» **TASK DESCRIPTION**
Tally the lines of these entries that include "text"; respond with only that tally.

» **MATERIAL PROVIDED**
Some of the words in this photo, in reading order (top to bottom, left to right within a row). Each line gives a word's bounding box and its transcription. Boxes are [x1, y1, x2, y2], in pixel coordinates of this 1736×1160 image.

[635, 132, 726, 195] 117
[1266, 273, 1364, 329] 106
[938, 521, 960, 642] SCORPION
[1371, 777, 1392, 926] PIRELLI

...

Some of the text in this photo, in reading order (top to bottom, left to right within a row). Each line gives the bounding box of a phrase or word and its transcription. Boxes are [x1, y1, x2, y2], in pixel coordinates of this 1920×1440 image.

---

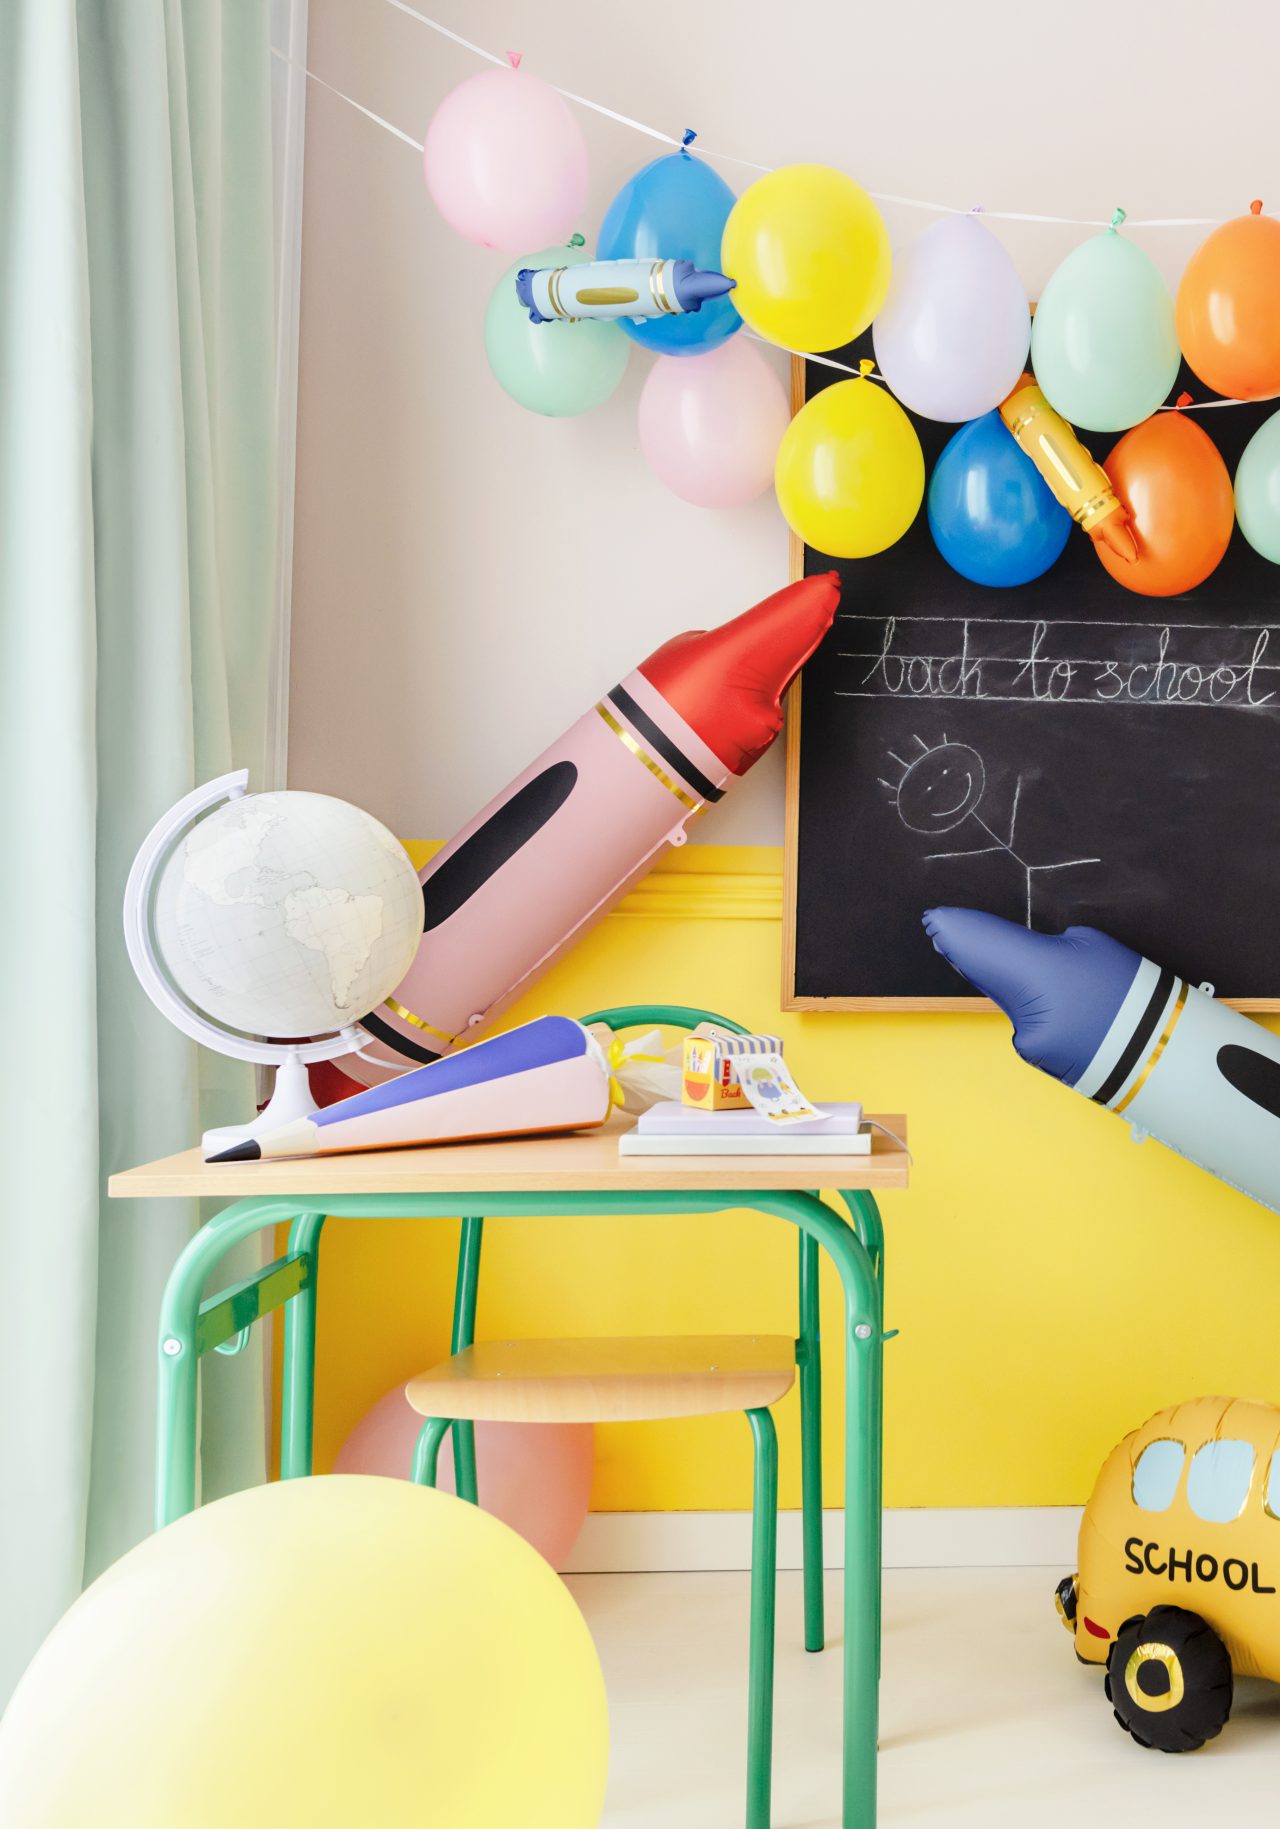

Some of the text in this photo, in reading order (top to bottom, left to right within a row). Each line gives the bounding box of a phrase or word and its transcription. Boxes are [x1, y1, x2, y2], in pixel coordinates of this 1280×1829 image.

» **THE ANSWER**
2